Ecco un nuovo racconto di Francesco Divenuto che, prendendo spunto dagli eventi sismici in corso nell’area flegrea, ha ricordato il drammatico avvenimento del 1529 quando “nacque” il Monte Nuovo, immaginando che cosa, dopo qualche anno, avrebbe potuto scrivere un cronista di di quegli avvenimenti, in una “Cronaca da un nuovo vulcano flegreo”.

Una mattina di tanti anni fa, gli abitanti del piccolo villaggio si addormentarono in pianura e si svegliarono ritrovandosi in collina.
Qualcuno disse di aver sentito la terra muoversi tutta la notte; ed io, aggiunse un altro, ho avvertito il mio pagliericcio tremare molte volte. Ma nessuno si era spaventato più di tanto.
Che abitassero su un terreno che non stava mai fermo lo sapevano; tante volte, andando nei campi al mattino, avevano trovato spaccati i solchi rassodati solo qualche giorno prima. Ma questa volta si rendevano conto che era avvenuto qualcosa di diverso, di straordinario anche se non avrebbero saputo dire che cosa fosse veramente cambiato.

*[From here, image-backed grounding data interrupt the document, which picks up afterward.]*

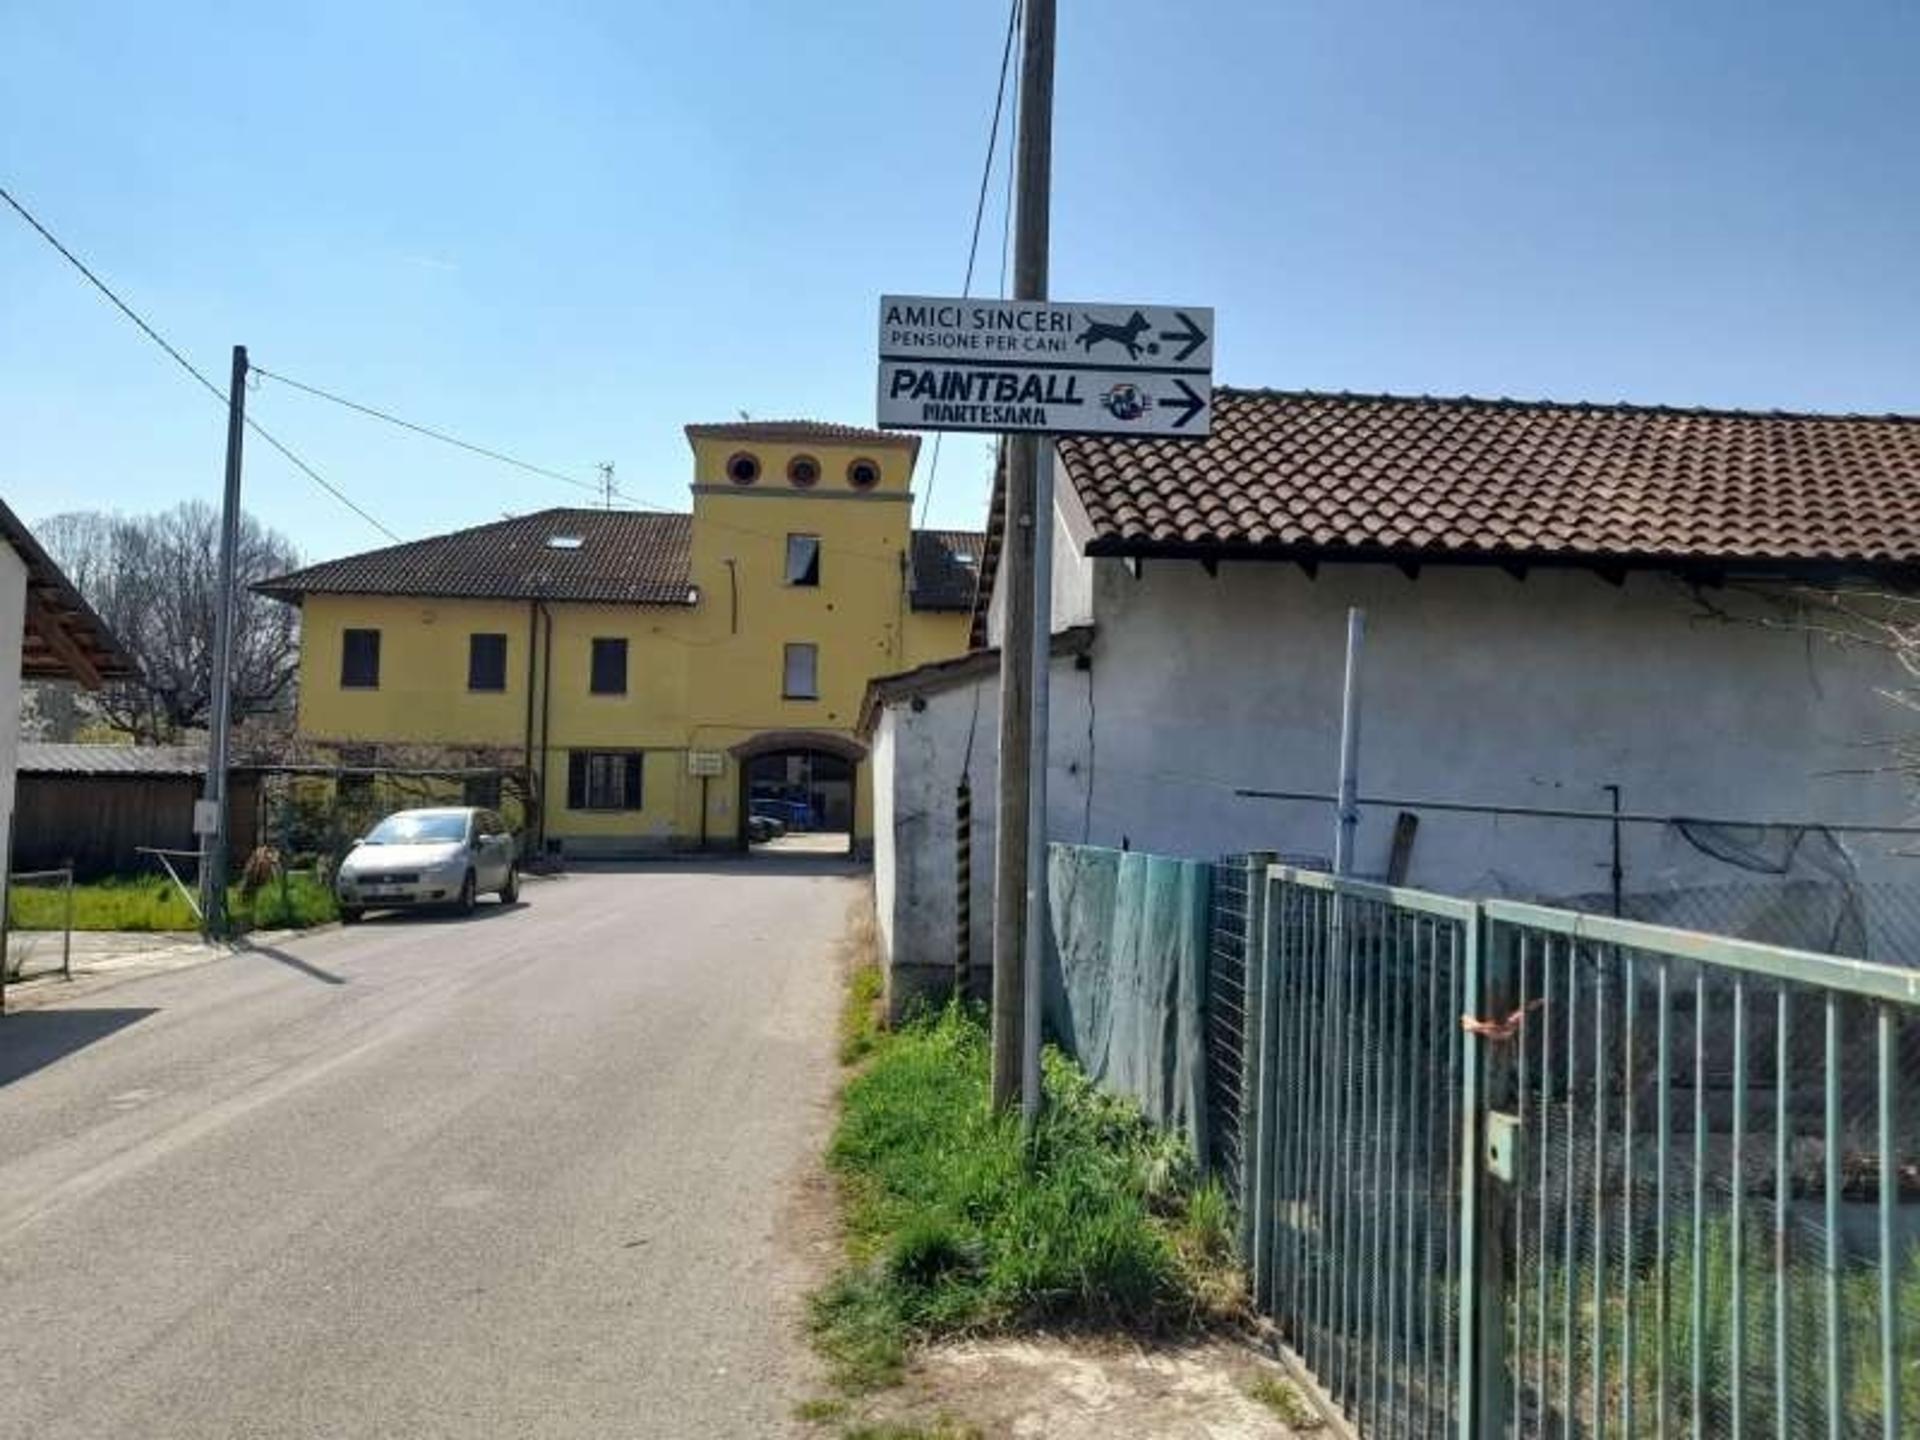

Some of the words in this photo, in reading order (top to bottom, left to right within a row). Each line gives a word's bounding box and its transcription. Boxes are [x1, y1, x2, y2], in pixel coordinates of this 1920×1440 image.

[886, 307, 961, 327] AMICI
[973, 309, 1071, 332] SINCERI
[891, 331, 979, 349] PENSIONE
[986, 335, 1017, 351] PER
[1023, 336, 1067, 352] CANI
[890, 369, 1084, 405] PAINTBALL
[922, 404, 1047, 425] MARTESANA

Tutti si guardavano intorno cercando di capire che cosa fosse accaduto e poi così in fretta, tutto in una notte. Quello che li circondava non sembrava più il loro villaggio, il mondo al quale i loro occhi ed i loro passi erano abituati era scomparso; tutto era diverso. Quale sortilegio e ad opera di chi, poteva essere accaduto sulle loro teste? Senza parlare si muovevano con attenzione cercando un qualche segno che potesse spiegare quella realtà nella quale si erano ritrovati al loro risveglio.
I campi si presentavano inclinati; i fossi, così come i pozzi, erano prosciugati mentre parecchi alberi erano distesi al suolo mostrando al cielo le loro radici; anche quel monte il cui profilo chiudeva una parte del loro villaggio nascondendo, per molte ore, i campi ai raggi del sole, ora sembrava che avesse perso la sua altezza perché l’ombra proiettata sul terreno era quasi scomparsa.
Le case, costruite con una povera muratura, presentavano parecchie crepe in più; quasi nessuna aveva mantenuto la propria posizione ed ora appariva inclinata rispetto al terreno. L’orizzonte che, dalla valle nella quale vivevano, era sempre stato limitato dal ciglio delle colline circostanti, ora appariva ampio, aperto verso i paesi del circondario. Nessuno, infatti, ricordava di aver mai visto così vicine le case degli altri villaggi.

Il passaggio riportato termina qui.